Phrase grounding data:
------------------------------------------------------------------------

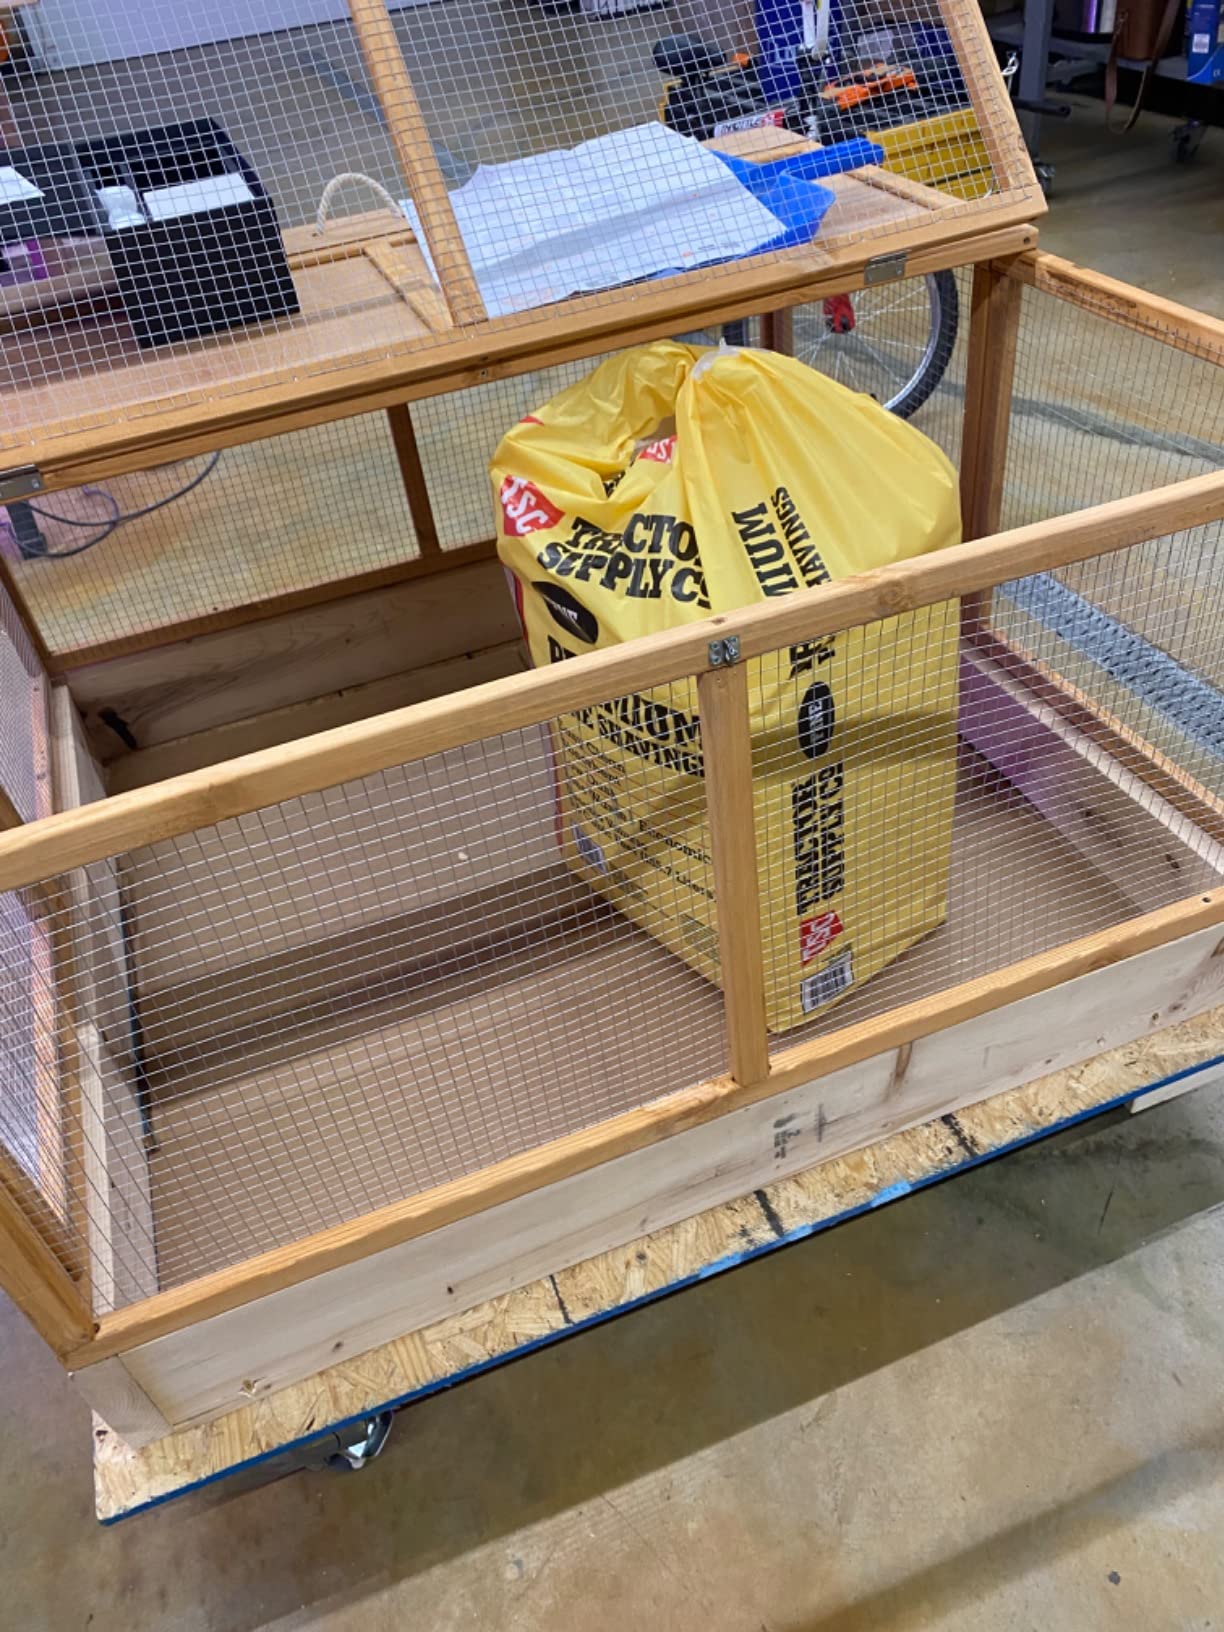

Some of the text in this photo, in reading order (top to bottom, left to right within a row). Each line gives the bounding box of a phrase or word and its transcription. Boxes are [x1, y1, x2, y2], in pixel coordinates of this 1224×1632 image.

[501, 475, 549, 535] TSC
[791, 773, 820, 916] TRACTOR
[820, 797, 845, 901] SUPPLY
[803, 911, 837, 962] TSC

------------------------------------------------------------------------

Directions for this task: Send back every record exactly as it stands, except the pictures.

Reply to the exercise:
Some of the text in this photo, in reading order (top to bottom, left to right within a row). Each line gives the bounding box of a phrase or word and its transcription. Boxes are [x1, y1, x2, y2], in pixel coordinates of this 1224×1632 image.

[501, 475, 549, 535] TSC
[791, 773, 820, 916] TRACTOR
[820, 797, 845, 901] SUPPLY
[803, 911, 837, 962] TSC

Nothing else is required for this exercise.